# PROBLEM
Leave the pictures out and return every line below exactly.

# LISTED RECORDS
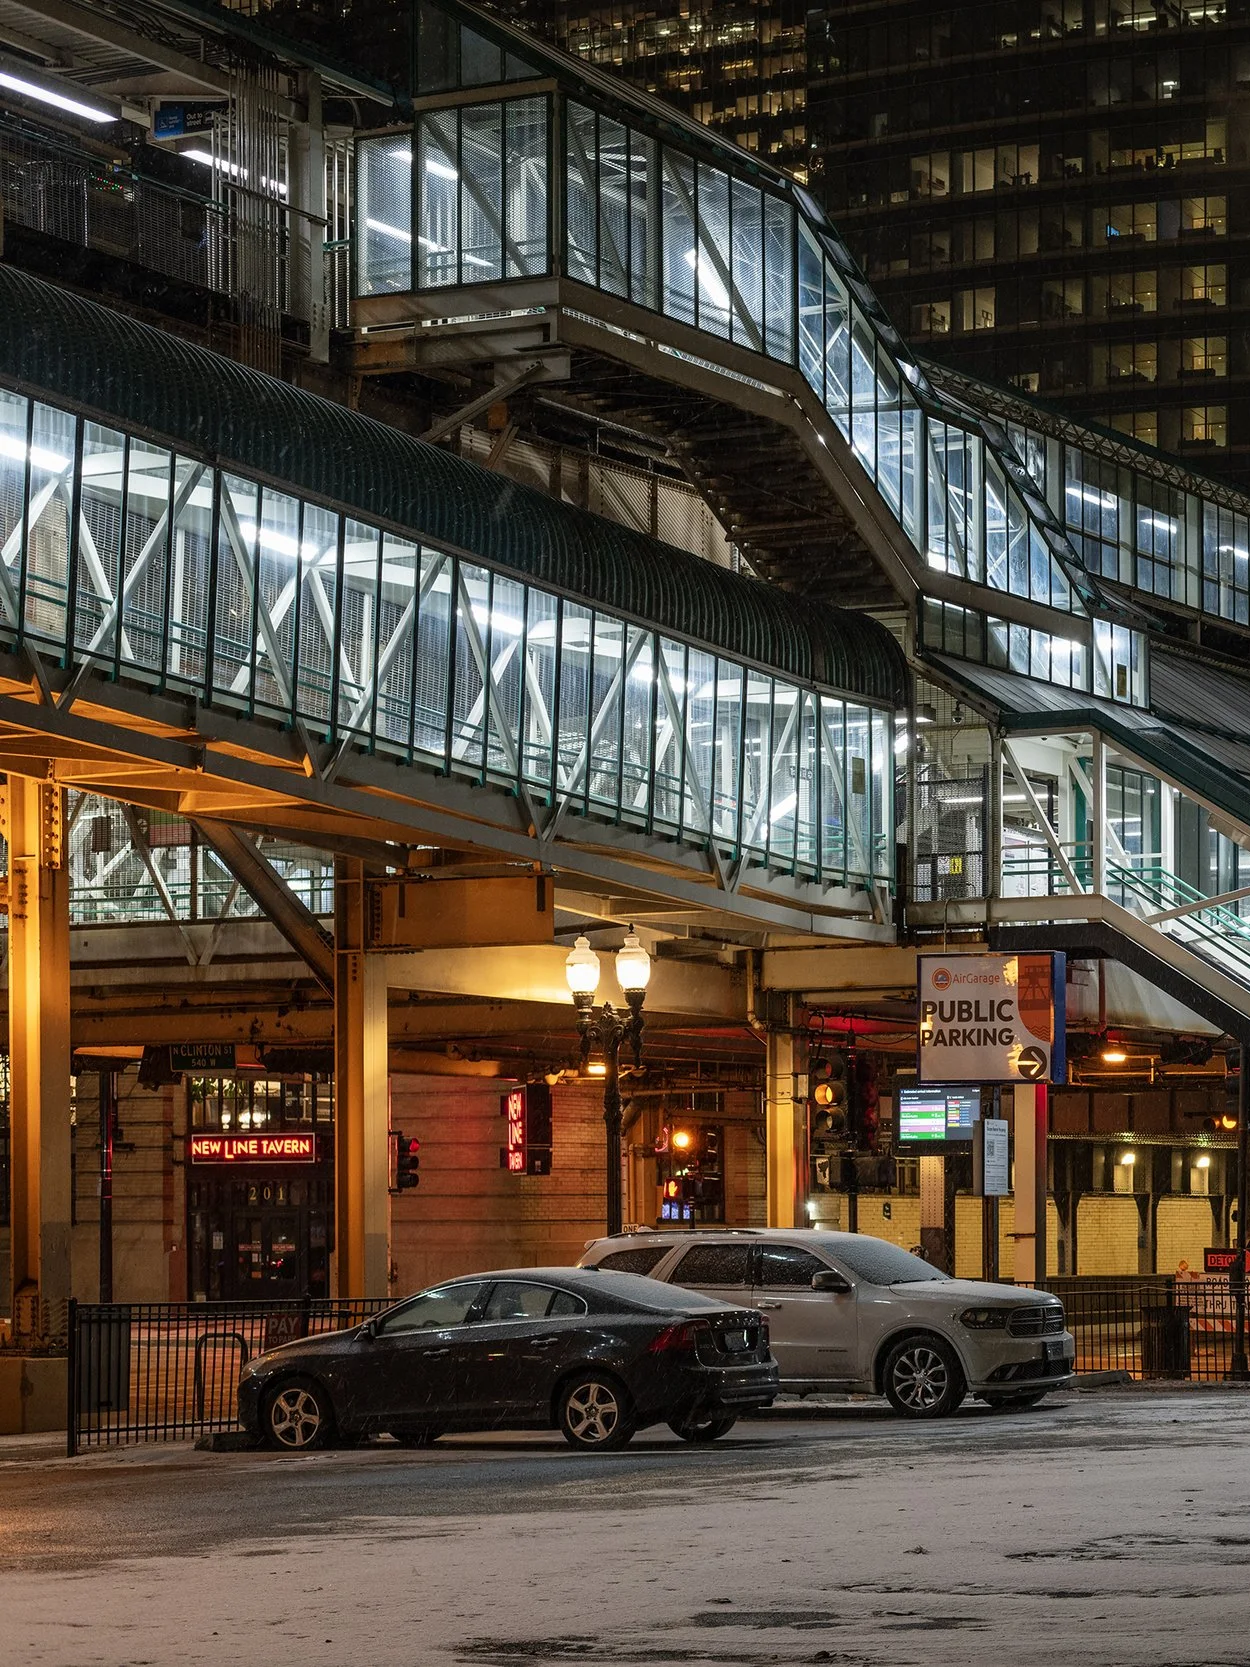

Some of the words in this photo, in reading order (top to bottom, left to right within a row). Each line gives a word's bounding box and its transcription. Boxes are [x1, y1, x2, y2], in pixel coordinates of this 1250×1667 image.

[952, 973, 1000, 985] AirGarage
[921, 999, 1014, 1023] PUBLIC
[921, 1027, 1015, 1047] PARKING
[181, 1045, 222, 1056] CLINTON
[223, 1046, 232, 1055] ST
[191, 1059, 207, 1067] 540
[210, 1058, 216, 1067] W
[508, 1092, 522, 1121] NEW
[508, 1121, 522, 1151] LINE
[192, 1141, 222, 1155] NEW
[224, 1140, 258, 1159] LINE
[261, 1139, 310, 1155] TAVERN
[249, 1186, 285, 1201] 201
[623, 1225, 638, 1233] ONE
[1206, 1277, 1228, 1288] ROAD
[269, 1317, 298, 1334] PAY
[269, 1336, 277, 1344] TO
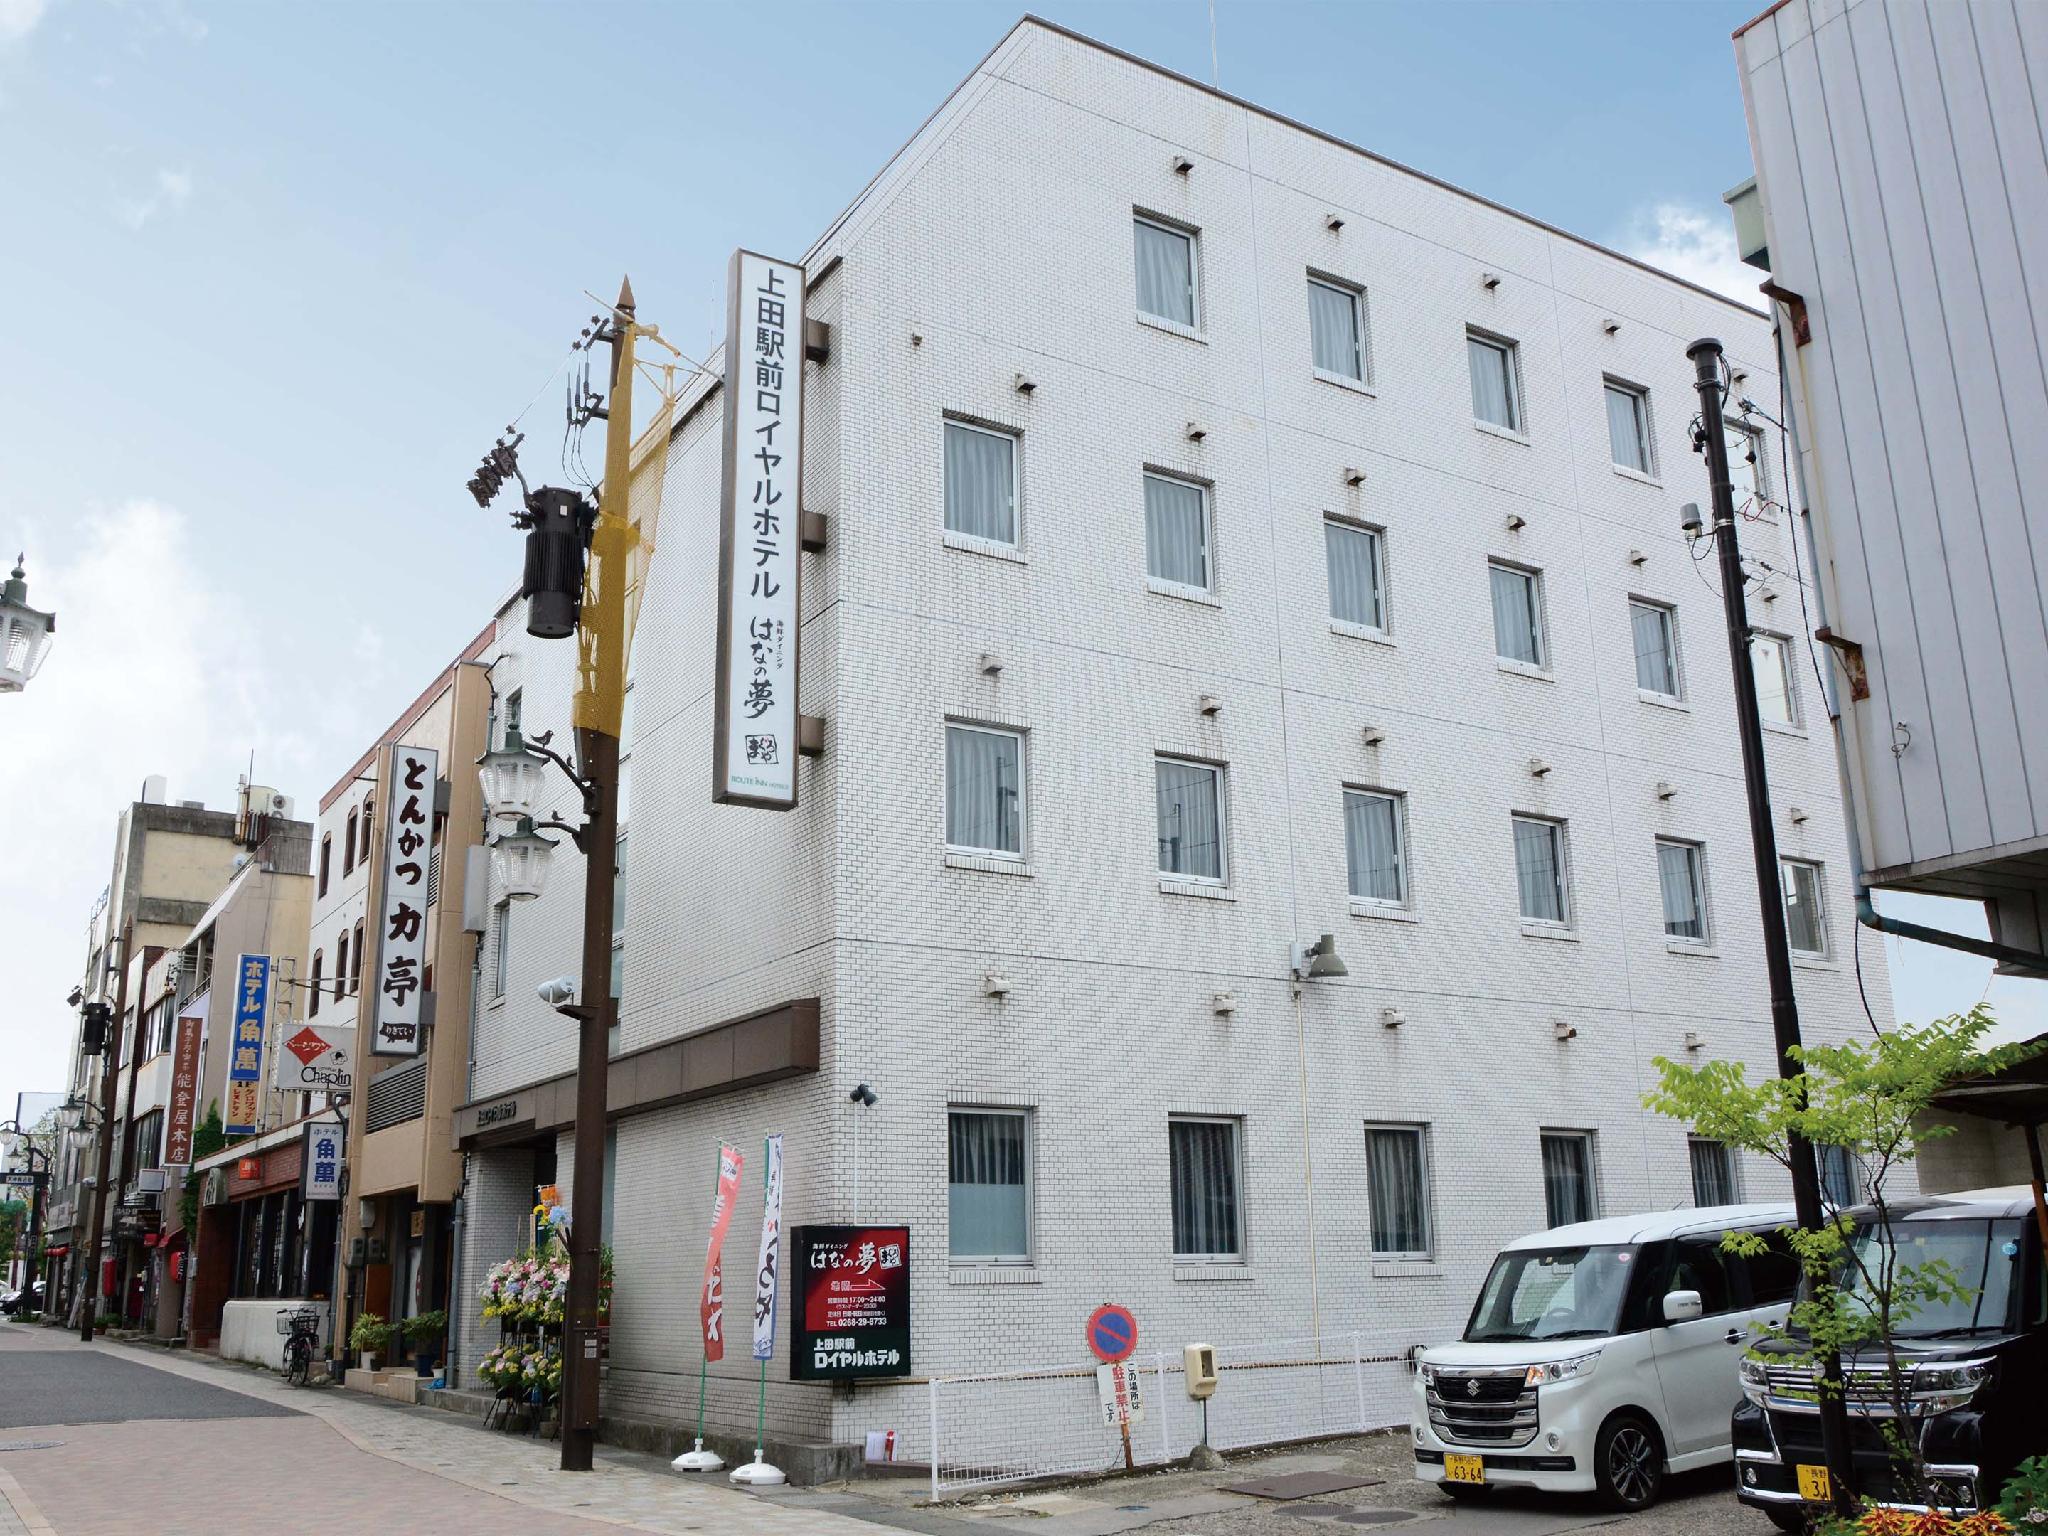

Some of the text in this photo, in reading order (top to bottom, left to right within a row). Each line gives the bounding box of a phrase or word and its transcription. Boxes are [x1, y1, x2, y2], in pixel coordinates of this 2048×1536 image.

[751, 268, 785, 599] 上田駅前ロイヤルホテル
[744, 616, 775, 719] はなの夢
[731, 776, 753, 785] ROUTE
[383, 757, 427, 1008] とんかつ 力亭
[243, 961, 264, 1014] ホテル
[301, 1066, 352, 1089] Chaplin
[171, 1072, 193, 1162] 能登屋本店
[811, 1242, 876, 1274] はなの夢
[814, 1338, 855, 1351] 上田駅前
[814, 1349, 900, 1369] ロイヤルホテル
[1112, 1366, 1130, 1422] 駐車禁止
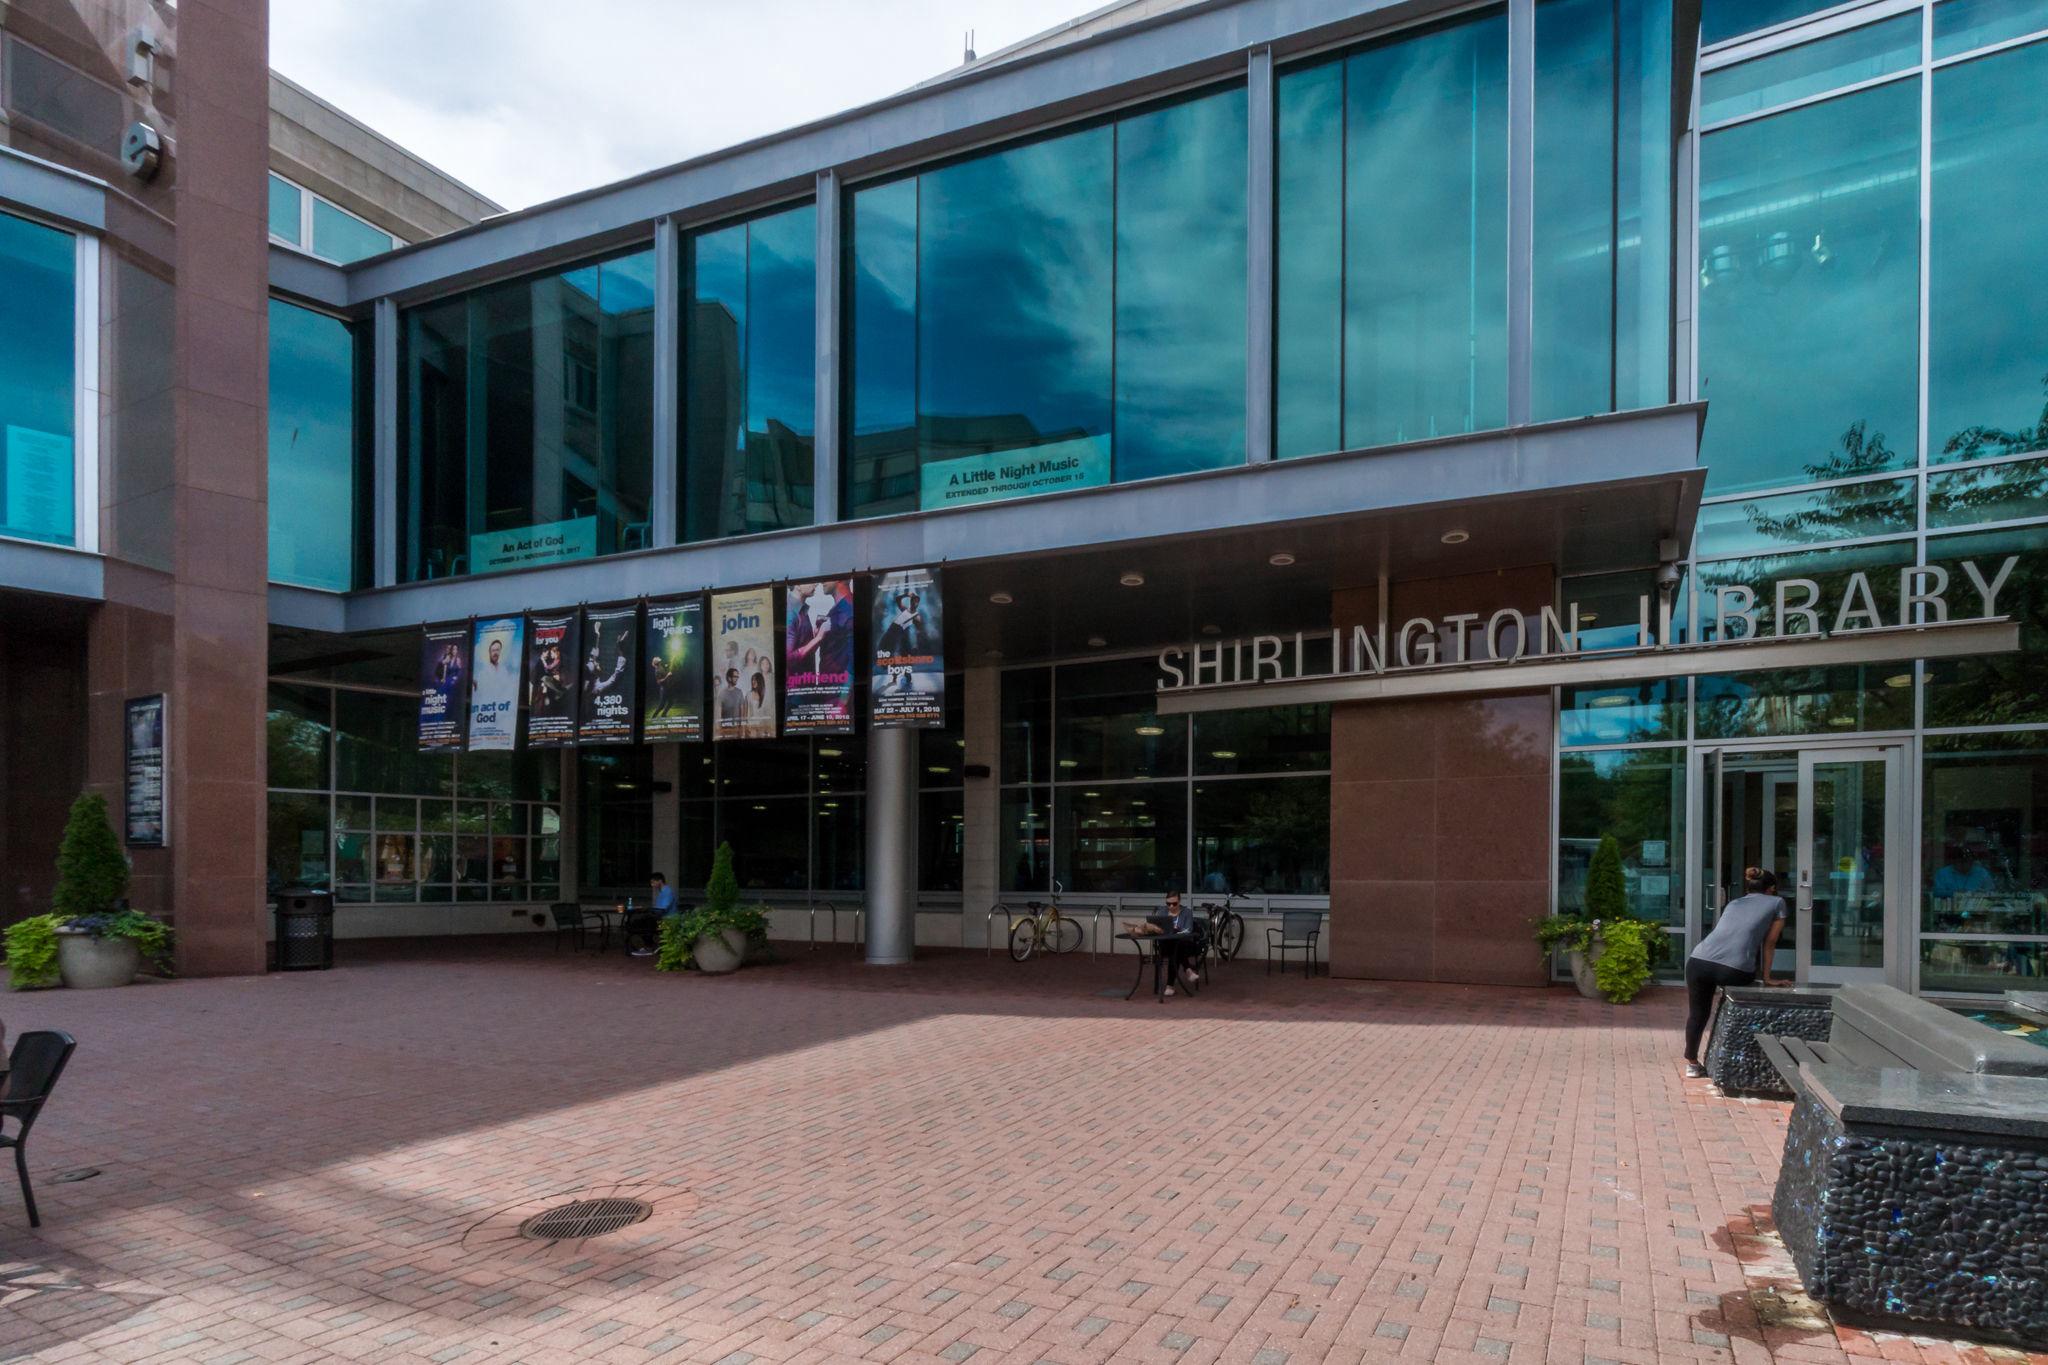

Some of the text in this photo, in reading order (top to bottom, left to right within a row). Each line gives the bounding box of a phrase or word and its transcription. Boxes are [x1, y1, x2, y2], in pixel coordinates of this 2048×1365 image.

# ANSWER TO THE PROBLEM
Some of the words in this photo, in reading order (top to bottom, left to right within a row). Each line gives a word's bounding box and its transcription. Boxes are [x1, y1, x2, y2], in pixel coordinates of this 1250×1667 image.

[952, 973, 1000, 985] AirGarage
[921, 999, 1014, 1023] PUBLIC
[921, 1027, 1015, 1047] PARKING
[181, 1045, 222, 1056] CLINTON
[223, 1046, 232, 1055] ST
[191, 1059, 207, 1067] 540
[210, 1058, 216, 1067] W
[508, 1092, 522, 1121] NEW
[508, 1121, 522, 1151] LINE
[192, 1141, 222, 1155] NEW
[224, 1140, 258, 1159] LINE
[261, 1139, 310, 1155] TAVERN
[249, 1186, 285, 1201] 201
[623, 1225, 638, 1233] ONE
[1206, 1277, 1228, 1288] ROAD
[269, 1317, 298, 1334] PAY
[269, 1336, 277, 1344] TO

Some of the text in this photo, in reading order (top to bottom, left to right within a row). Each line gives the bounding box of a phrase or word and its transcription. Boxes are [x1, y1, x2, y2], in pixel coordinates of this 2048×1536 image.

[751, 268, 785, 599] 上田駅前ロイヤルホテル
[744, 616, 775, 719] はなの夢
[731, 776, 753, 785] ROUTE
[383, 757, 427, 1008] とんかつ 力亭
[243, 961, 264, 1014] ホテル
[301, 1066, 352, 1089] Chaplin
[171, 1072, 193, 1162] 能登屋本店
[811, 1242, 876, 1274] はなの夢
[814, 1338, 855, 1351] 上田駅前
[814, 1349, 900, 1369] ロイヤルホテル
[1112, 1366, 1130, 1422] 駐車禁止

Some of the text in this photo, in reading order (top to bottom, left to right within a row). Each line gives the bounding box of a phrase or word and its transcription. Boxes are [x1, y1, x2, y2], in pixel coordinates of this 2048×1365 image.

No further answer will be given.